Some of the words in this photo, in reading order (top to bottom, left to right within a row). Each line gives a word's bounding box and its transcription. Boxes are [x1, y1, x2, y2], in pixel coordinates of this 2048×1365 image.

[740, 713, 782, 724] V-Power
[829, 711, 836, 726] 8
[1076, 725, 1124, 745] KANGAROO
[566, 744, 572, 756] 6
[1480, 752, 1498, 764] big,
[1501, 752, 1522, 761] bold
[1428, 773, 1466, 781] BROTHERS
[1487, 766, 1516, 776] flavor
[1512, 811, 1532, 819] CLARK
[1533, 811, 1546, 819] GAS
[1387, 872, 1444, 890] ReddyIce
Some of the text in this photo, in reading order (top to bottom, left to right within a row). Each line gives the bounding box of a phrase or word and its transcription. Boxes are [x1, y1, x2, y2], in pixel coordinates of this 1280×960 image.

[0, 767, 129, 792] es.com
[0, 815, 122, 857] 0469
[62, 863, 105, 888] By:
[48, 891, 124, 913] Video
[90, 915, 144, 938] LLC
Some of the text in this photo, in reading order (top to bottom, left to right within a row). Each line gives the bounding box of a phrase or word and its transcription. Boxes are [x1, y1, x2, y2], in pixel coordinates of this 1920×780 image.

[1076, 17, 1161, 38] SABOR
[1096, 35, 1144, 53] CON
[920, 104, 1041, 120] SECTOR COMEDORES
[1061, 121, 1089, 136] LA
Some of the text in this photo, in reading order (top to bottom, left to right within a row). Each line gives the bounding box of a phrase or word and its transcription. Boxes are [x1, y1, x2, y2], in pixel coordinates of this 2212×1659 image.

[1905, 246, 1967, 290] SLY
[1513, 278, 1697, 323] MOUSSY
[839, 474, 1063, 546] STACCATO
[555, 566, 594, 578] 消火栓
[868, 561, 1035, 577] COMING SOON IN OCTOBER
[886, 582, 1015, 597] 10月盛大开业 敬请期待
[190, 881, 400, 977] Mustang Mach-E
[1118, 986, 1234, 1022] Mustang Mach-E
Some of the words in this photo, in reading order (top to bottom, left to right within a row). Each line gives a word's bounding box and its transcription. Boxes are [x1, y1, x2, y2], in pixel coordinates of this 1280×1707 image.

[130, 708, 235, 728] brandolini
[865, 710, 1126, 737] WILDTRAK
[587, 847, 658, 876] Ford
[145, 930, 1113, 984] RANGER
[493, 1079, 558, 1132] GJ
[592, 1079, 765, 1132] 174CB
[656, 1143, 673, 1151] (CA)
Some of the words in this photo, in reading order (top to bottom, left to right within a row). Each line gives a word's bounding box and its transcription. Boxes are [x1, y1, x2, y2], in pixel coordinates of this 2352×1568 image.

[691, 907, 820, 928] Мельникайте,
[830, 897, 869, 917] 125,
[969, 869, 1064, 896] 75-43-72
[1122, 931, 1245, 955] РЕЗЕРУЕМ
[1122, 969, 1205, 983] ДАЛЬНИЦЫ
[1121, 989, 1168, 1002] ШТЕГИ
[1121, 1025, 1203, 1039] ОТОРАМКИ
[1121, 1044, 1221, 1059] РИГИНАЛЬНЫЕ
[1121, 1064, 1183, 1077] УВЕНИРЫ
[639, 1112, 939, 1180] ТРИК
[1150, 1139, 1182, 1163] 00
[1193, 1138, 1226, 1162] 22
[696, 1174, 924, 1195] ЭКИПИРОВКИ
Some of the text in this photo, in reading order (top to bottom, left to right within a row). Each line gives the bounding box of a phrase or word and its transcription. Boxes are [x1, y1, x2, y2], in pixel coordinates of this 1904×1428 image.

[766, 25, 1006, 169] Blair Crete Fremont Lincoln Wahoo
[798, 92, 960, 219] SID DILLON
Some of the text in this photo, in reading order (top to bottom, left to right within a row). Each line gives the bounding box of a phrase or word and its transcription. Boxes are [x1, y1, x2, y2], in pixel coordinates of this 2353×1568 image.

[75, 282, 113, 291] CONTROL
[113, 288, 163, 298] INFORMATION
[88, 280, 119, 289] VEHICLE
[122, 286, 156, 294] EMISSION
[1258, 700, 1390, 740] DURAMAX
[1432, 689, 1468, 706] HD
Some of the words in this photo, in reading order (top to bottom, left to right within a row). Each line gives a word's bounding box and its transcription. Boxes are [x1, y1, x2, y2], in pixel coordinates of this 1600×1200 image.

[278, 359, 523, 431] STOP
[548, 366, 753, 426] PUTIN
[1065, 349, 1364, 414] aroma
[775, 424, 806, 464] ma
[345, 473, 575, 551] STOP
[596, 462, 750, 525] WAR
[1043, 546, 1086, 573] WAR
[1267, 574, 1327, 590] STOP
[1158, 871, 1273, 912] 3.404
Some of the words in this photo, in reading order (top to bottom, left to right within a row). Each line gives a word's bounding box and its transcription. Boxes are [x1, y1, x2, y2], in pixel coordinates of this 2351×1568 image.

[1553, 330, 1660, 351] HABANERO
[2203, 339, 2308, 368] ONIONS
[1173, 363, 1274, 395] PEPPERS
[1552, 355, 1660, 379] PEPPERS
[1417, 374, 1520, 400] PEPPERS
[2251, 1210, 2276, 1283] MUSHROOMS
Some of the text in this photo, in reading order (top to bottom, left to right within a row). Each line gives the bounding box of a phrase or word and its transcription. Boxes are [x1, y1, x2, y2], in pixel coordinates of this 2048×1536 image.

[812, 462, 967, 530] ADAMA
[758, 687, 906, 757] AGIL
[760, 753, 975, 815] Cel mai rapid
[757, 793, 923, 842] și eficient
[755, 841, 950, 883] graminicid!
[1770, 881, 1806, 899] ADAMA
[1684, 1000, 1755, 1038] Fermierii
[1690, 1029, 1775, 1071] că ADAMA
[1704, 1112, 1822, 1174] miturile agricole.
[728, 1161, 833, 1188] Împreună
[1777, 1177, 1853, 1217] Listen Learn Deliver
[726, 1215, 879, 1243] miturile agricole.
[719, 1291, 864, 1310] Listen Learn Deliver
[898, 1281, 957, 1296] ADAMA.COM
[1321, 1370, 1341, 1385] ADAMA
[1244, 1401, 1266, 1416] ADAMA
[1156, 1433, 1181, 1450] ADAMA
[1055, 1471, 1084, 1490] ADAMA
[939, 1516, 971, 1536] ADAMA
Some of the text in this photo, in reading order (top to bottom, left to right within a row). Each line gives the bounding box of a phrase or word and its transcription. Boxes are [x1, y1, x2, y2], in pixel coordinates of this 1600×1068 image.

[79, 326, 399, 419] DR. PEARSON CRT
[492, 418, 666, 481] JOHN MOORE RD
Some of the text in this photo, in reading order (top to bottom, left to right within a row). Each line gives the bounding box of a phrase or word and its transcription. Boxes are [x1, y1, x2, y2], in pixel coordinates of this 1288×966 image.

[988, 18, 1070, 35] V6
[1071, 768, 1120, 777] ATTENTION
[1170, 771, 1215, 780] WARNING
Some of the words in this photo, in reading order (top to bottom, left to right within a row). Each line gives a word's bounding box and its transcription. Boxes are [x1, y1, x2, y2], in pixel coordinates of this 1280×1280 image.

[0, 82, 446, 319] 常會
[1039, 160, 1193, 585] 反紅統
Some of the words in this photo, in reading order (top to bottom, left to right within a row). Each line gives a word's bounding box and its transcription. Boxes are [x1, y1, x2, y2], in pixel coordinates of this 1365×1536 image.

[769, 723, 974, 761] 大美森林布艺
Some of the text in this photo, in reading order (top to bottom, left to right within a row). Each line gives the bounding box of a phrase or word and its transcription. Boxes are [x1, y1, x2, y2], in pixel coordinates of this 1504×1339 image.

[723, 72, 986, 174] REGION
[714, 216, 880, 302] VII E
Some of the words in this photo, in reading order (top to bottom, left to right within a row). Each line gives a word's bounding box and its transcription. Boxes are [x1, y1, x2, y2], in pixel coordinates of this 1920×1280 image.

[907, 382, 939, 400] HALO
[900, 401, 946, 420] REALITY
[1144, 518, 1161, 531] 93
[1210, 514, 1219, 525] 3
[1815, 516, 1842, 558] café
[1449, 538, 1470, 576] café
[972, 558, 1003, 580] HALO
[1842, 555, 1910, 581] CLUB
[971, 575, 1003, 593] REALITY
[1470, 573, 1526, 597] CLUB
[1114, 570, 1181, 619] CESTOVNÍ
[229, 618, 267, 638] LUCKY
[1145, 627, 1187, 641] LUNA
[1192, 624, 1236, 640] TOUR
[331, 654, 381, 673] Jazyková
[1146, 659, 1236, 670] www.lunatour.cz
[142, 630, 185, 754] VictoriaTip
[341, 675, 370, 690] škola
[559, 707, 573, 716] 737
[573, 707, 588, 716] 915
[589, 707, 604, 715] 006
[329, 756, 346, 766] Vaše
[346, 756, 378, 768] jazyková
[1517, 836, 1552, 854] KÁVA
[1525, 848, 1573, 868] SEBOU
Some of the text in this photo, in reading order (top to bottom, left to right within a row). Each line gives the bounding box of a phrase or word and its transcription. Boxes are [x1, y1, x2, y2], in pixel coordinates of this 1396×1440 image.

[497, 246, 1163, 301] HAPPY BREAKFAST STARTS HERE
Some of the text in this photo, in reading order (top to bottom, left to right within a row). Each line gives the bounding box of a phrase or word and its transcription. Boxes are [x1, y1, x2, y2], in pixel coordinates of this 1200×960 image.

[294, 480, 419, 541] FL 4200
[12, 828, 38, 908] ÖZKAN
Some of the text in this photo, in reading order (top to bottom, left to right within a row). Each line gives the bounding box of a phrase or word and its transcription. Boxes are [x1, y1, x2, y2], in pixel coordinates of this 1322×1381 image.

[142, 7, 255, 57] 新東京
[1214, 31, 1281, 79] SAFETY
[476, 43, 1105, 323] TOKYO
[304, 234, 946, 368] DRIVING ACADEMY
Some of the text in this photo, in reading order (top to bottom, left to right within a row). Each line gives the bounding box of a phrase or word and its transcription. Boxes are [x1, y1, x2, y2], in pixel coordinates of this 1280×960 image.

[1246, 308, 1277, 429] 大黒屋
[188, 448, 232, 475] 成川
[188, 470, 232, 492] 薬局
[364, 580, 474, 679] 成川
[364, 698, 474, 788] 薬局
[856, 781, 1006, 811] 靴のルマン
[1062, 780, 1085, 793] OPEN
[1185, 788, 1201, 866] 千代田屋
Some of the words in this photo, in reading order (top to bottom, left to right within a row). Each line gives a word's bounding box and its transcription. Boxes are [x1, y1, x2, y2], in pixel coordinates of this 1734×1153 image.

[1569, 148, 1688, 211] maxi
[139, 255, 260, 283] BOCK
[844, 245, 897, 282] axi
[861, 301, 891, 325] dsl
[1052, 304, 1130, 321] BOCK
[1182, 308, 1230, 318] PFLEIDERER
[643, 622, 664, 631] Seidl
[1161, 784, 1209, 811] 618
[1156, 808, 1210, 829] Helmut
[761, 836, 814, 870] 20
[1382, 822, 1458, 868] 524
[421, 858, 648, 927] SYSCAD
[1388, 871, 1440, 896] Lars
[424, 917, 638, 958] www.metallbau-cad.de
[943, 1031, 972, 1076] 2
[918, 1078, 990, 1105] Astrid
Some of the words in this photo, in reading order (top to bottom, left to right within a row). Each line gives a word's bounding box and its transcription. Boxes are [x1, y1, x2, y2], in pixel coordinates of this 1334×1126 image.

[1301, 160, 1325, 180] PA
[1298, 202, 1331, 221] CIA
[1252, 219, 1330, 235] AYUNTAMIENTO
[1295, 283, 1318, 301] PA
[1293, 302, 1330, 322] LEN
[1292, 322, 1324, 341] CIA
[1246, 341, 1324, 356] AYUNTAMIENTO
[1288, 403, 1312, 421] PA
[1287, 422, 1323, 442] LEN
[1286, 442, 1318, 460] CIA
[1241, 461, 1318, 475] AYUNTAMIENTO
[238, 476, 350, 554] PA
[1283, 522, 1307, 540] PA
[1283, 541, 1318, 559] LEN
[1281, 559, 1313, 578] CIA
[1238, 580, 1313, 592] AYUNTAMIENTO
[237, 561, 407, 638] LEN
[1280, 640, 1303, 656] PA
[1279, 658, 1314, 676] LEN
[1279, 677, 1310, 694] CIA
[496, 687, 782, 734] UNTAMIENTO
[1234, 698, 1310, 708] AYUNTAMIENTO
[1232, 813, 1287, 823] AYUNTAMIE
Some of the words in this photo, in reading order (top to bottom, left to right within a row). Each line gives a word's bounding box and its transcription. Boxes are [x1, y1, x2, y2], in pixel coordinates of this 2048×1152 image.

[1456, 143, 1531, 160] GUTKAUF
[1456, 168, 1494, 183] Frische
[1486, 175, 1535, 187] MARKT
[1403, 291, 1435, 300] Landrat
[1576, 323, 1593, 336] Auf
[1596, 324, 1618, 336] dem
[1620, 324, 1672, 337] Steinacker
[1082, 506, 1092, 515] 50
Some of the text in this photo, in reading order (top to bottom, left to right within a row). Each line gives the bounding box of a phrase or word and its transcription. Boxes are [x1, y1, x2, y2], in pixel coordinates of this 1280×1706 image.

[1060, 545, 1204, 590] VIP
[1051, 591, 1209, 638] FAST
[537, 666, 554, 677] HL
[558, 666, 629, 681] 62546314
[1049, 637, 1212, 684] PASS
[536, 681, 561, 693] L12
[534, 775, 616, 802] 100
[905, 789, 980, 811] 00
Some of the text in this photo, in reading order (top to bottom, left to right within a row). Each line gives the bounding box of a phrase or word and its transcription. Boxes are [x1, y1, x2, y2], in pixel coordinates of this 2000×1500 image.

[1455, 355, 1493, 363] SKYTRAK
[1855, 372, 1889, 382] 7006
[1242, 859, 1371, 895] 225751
================
From the line that contains "this 2000×1500 image." down to the last line of the material above, copy every line word for word, both ends included.

Result of the exercise —
Some of the text in this photo, in reading order (top to bottom, left to right within a row). Each line gives the bounding box of a phrase or word and its transcription. Boxes are [x1, y1, x2, y2], in pixel coordinates of this 2000×1500 image.

[1455, 355, 1493, 363] SKYTRAK
[1855, 372, 1889, 382] 7006
[1242, 859, 1371, 895] 225751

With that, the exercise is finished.